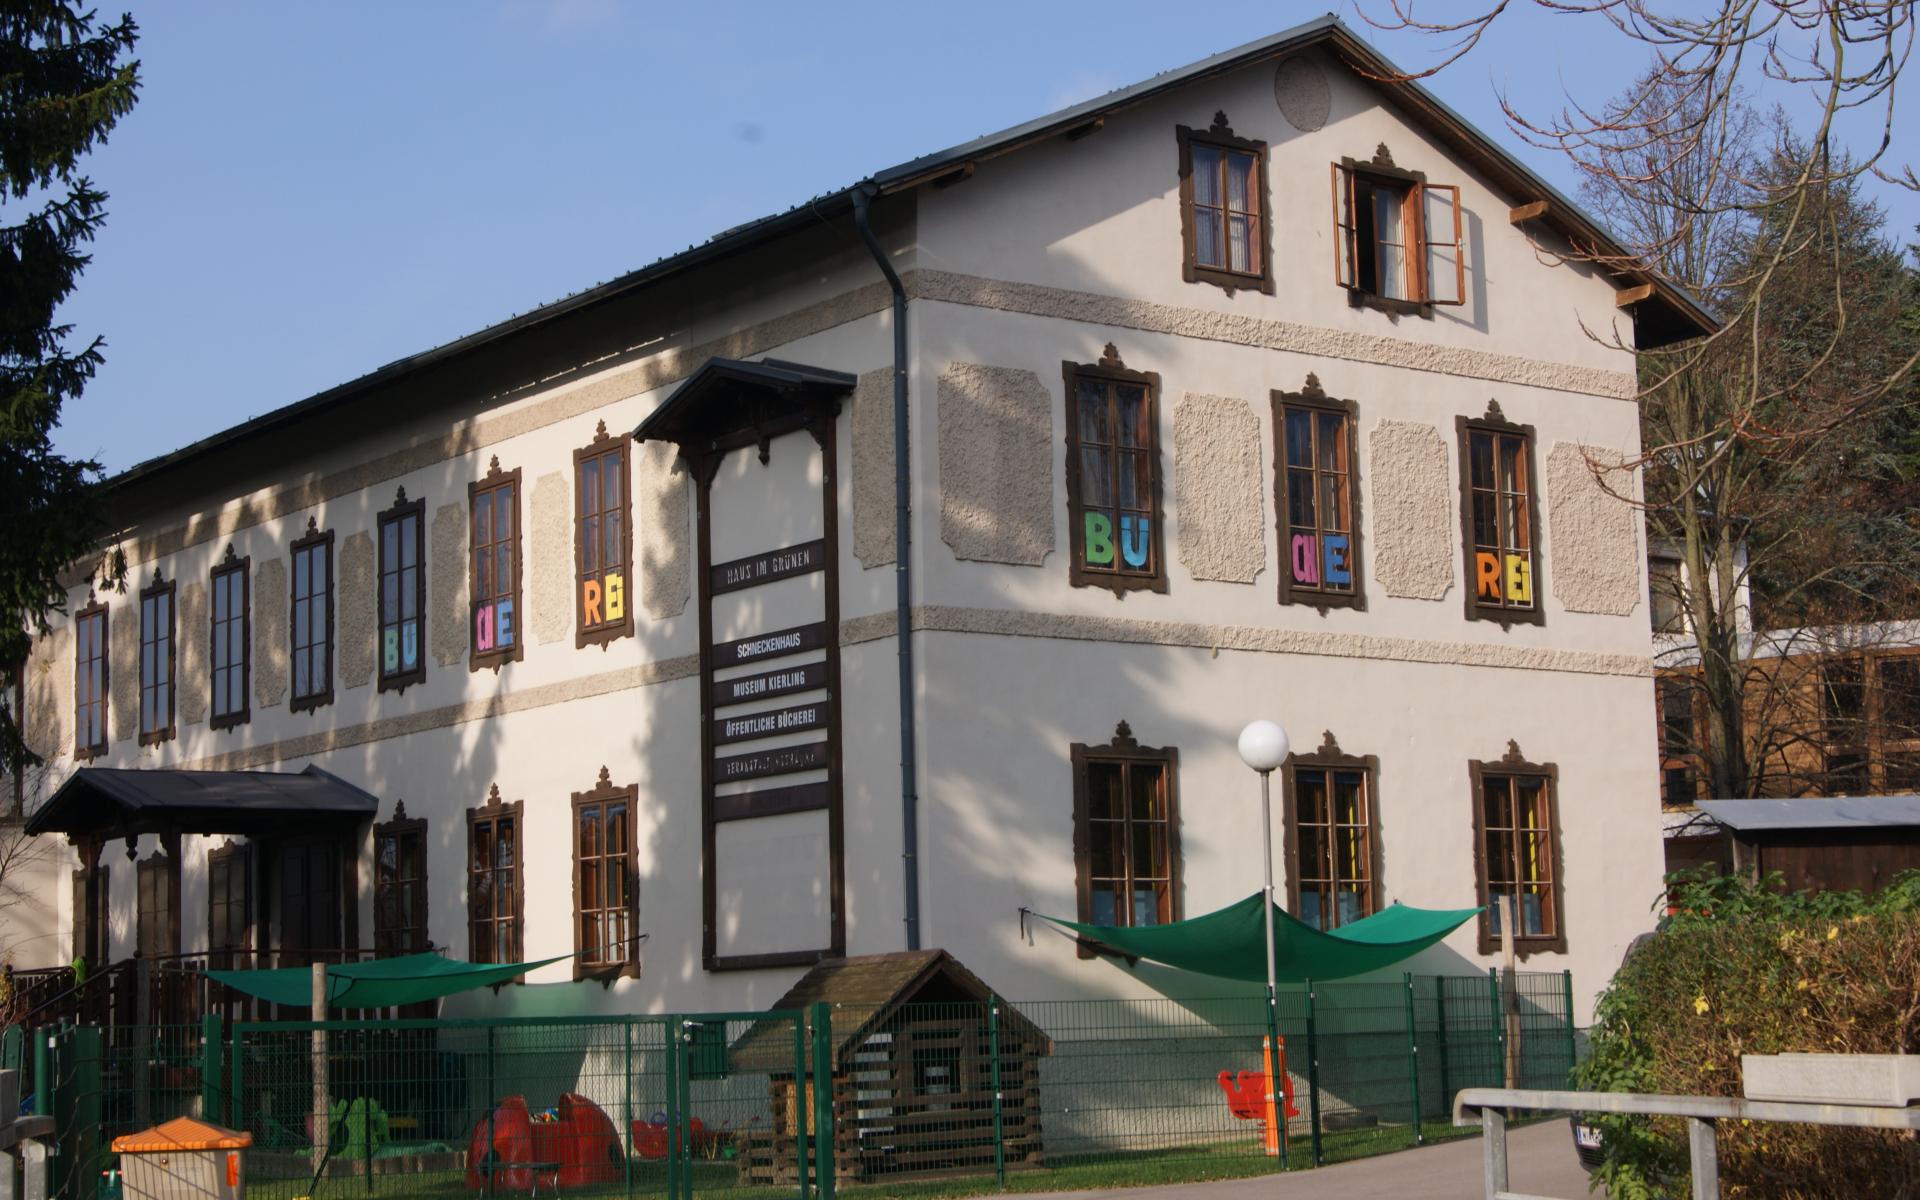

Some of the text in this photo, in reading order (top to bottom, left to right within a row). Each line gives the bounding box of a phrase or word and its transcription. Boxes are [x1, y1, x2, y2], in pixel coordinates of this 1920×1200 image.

[1084, 510, 1149, 567] BU
[727, 549, 810, 585] HAUS IM GRÜNEN
[737, 632, 801, 659] SCHNECKENHAUS
[733, 670, 805, 697] MUSEUM KIERLING
[726, 708, 816, 737] ÖFFENTLICHE BÜCHEREI

☆ ☆ ☆ ☆ ☆

Activity →
Print the data above exactly; drop every picture.

Final answer →
Some of the text in this photo, in reading order (top to bottom, left to right within a row). Each line gives the bounding box of a phrase or word and its transcription. Boxes are [x1, y1, x2, y2], in pixel coordinates of this 1920×1200 image.

[1084, 510, 1149, 567] BU
[727, 549, 810, 585] HAUS IM GRÜNEN
[737, 632, 801, 659] SCHNECKENHAUS
[733, 670, 805, 697] MUSEUM KIERLING
[726, 708, 816, 737] ÖFFENTLICHE BÜCHEREI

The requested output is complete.